Similarly, P-Akt colocalized with phospho-Histone H3, a marker of M phase, in dividing apical progenitors as well as GLAST, a marker of radial glial cells (data not shown). Since these apical progenitor cells give rise to both neurons and glia, this localization is consistent with activation of AKT3 in both neurons and glia. Abnormal AKT function would be consistent with the MRI patterns and neuropathological studies (Figures 1 and 2), which show abnormal organization of neurons in the cortex and abnormal MRI signal characteristics of white matter.

Our data suggest that activation of AKT3, either by duplication or by point mutation, contributes to hemispheric brain overgrowth. Two of our cases (the point mutation and one partial trisomy) are confirmed to be de novo, somatic mutations, undetectable in blood, and although non-brain tissues were not available from the other partial trisomy case, this is likely to be a somatic mutation as well since individuals reported with constitutional trisomy 1q, even a portion of 1q, show dysmorphic features and in nearly all cases early lethality (Mark et al., 2005; Mefford et al., 2008; Patel et al., 2009). We postulate that increasing AKT3 dosage and activation of AKT3 would have the same effect in the setting of a somatic mutation. Interestingly, HMG has not been reported in the constitutional trisomy cases, even those that have partial trisomy including AKT3. It is possible that HMG might not be present in the cases with early lethality; perhaps more important, since all of the constitutional trisomy 1q cases were de novo, the trisomy may not be present in all tissues. Though we have not sampled other tissues, there was no clinical evidence of extra-cerebral involvement phenotypically in any of the three cases, suggesting either that the mutation was limited to brain, or that activation of AKT3 in other tissues does not have phenotypic consequences. Increased rates of brain cancer are not reported in the setting of isolated HMG. In the cases we report here, who have not shown any form of cancer, it is likely that activation of AKT3 disrupts normal cortical development but does not result in continued dysregulated growth outside the setting of cortical progenitor cells.

Further support for the role of AKT3 in controlling brain size comes from animal studies. A mouse Akt3 knockout model shows selective reduction in brain size due to decreased neuronal number and size (Easton et al., 2005), whereas mice with an activating mutation in the kinase domain of Akt3 show larger hippocampal size and abnormal Ki67-positive ectopic neurons in the hippocampus (Tokuda et al., 2011). Additionally, in zebrafish, overexpression of wild-type AKT3 produces increased embryonic brain thickness (Chen, 2011). All of these results strongly suggest that AKT3 activity dynamically regulates brain size and that increased dosage of AKT3 might increase brain size in humans.

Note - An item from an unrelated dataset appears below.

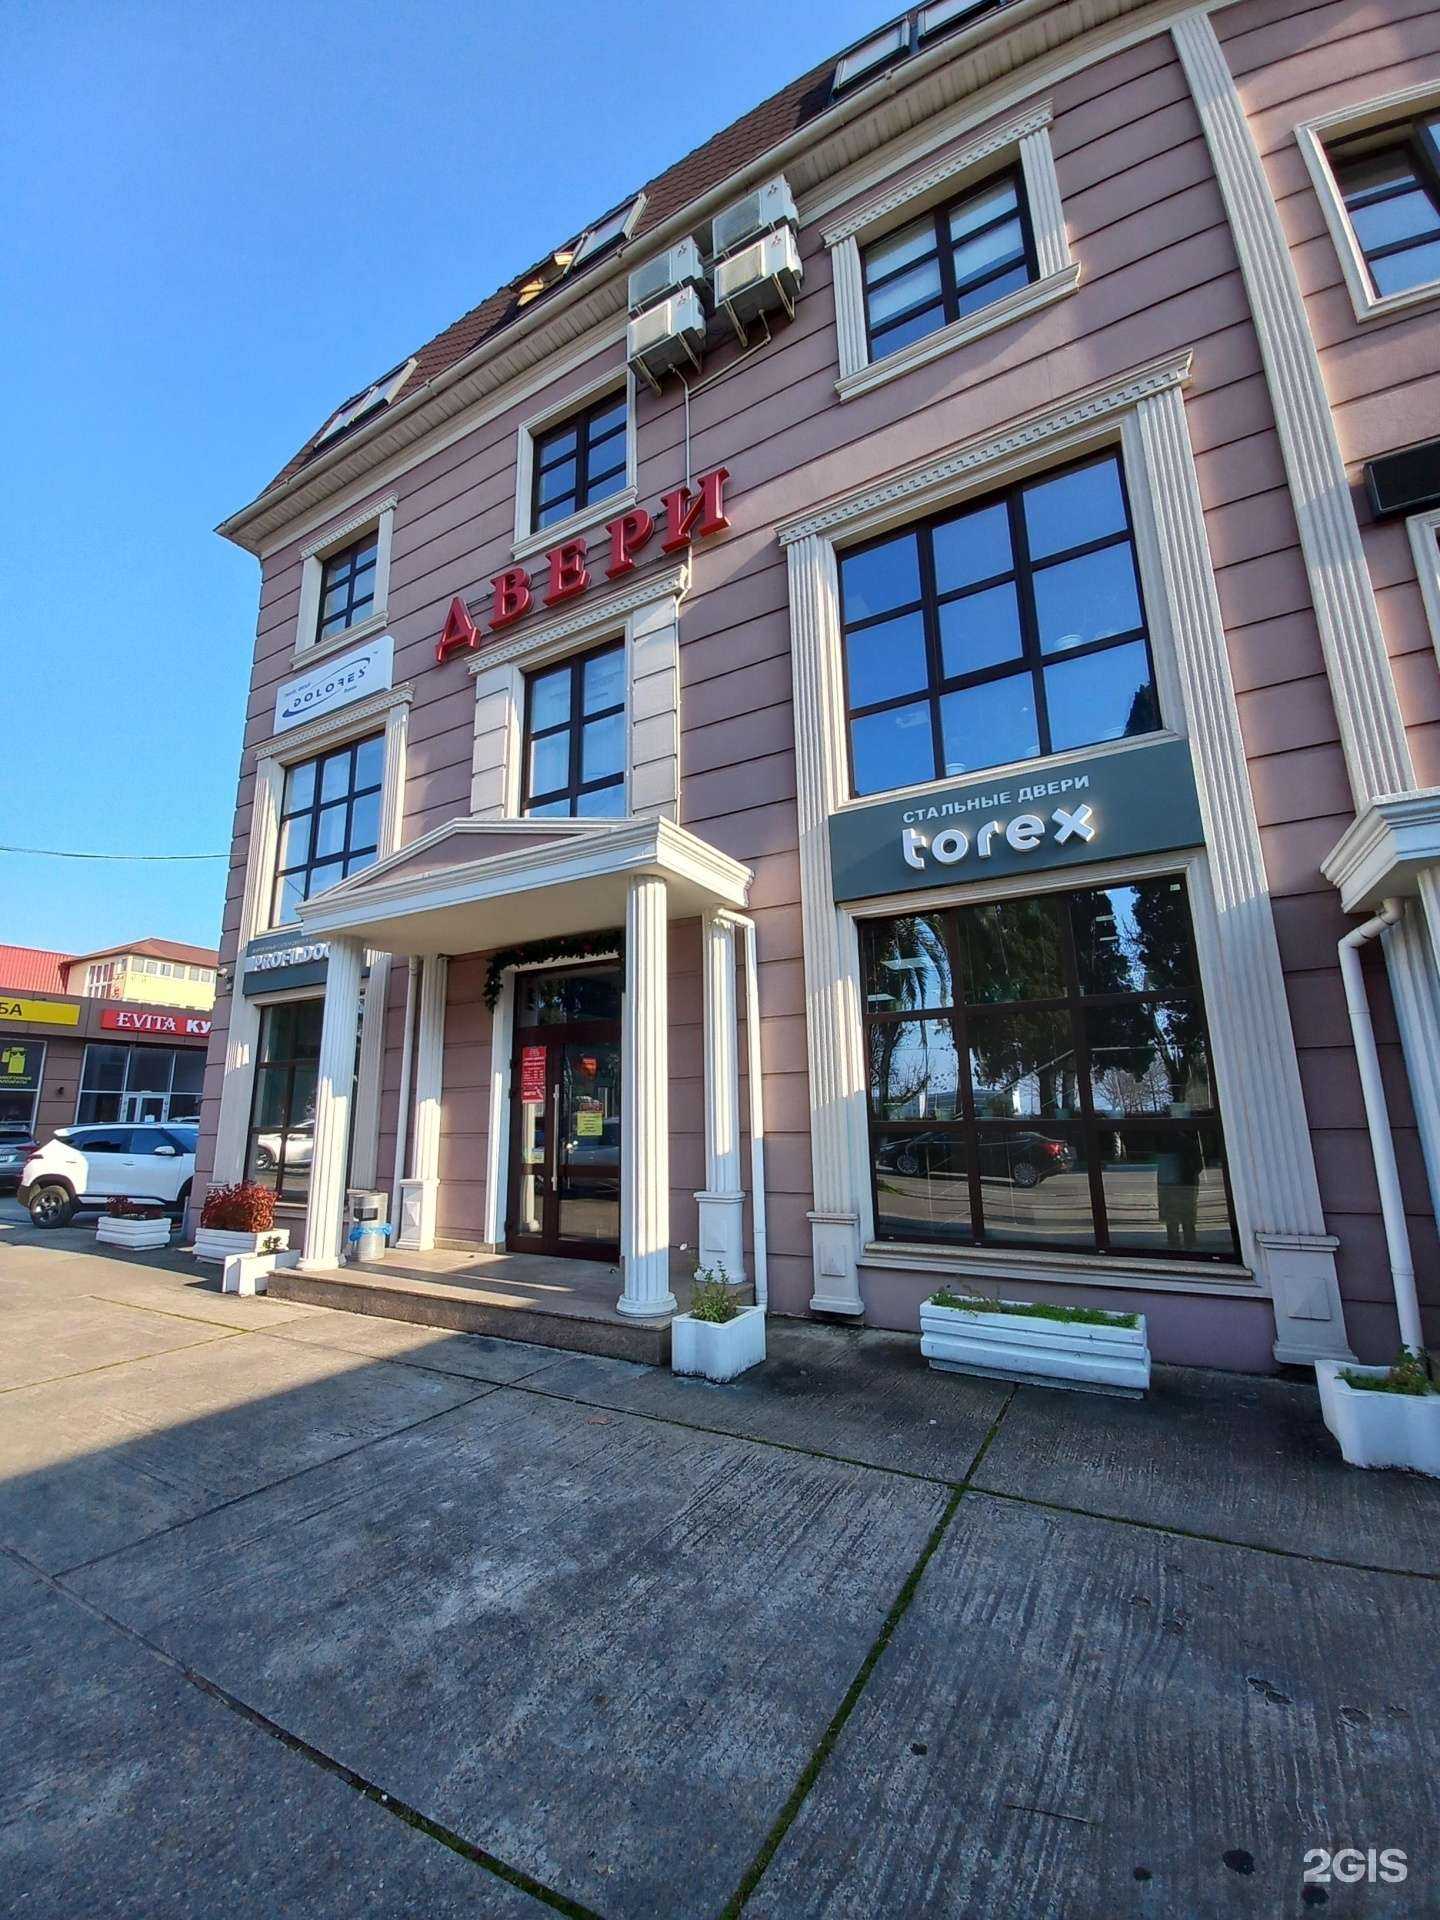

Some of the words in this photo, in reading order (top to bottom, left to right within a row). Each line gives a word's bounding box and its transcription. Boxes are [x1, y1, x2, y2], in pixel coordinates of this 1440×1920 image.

Somatic mosaicism refers to the presence of more than one genetically distinct population of cells in an individual. Somatic mutations are thought to arise not infrequently during development (Youssoufian and Pyeritz, 2002), and some chromosomal rearrangements and mutations that may be lethal if present in the entire embryo could be sustained in clonal populations of cells and produce localized abnormalities. The size and architecture of HMG may be determined in part by the stage at which the mutation occurs relative to the period of neurogenesis, which is when AKT3 normally becomes the predominant AKT form in brain. As better techniques emerge for copy number and whole exome/genome sequencing on smaller and smaller amounts of DNA, somatic mutations in other genes might emerge as causes of other neurogenetic disorders not associated with obvious morphological phenotypes like HMG. For example, de novo CNVs are an important cause of autism spectrum disorders and schizophrenia (Sanders et al., 2011), and hence may also occur somatically. In epilepsy, at least one third of individuals with imaging-negative, refractory, focal seizures show pathological evidence of dysplasia (Porter et al., 2003) that may also be due to somatic mutations. Therefore, more detailed exploration of somatic mosaicism in may allow for better genetic understanding of many neurogenetic disorders, especially those for which de novo mutations are known to play a role.

Experimental Procedures

Brain sample ascertainment

Tissue samples for molecular analysis were available through two sources: (1) patients enrolled in clinical research in accordance with requirements of the Institutional Review Boards of Children’s Hospital Boston (CHB) and Beth Israel Deaconess Medical Center (6 cases, including HMG-1 and HMG-3); and (2) excess tissue obtained from the Brigham and Women’s Hospital Department of Neurosurgery Tissue Bank along with limited clinical information (2 cases, including HMG-2).

Phenotypic assessment

Detailed clinical information and leukocyte-derived DNA were available for 6 cases enrolled in human subjects research, including HMG-1 and HMG-3. We reviewed the history and examination of each case reported (AP, BB, JJR) and the MRI (AP, AJB, CAW). Supplemental Table 1 summarizes the imaging and neuropathological findings of the three cases with mutations.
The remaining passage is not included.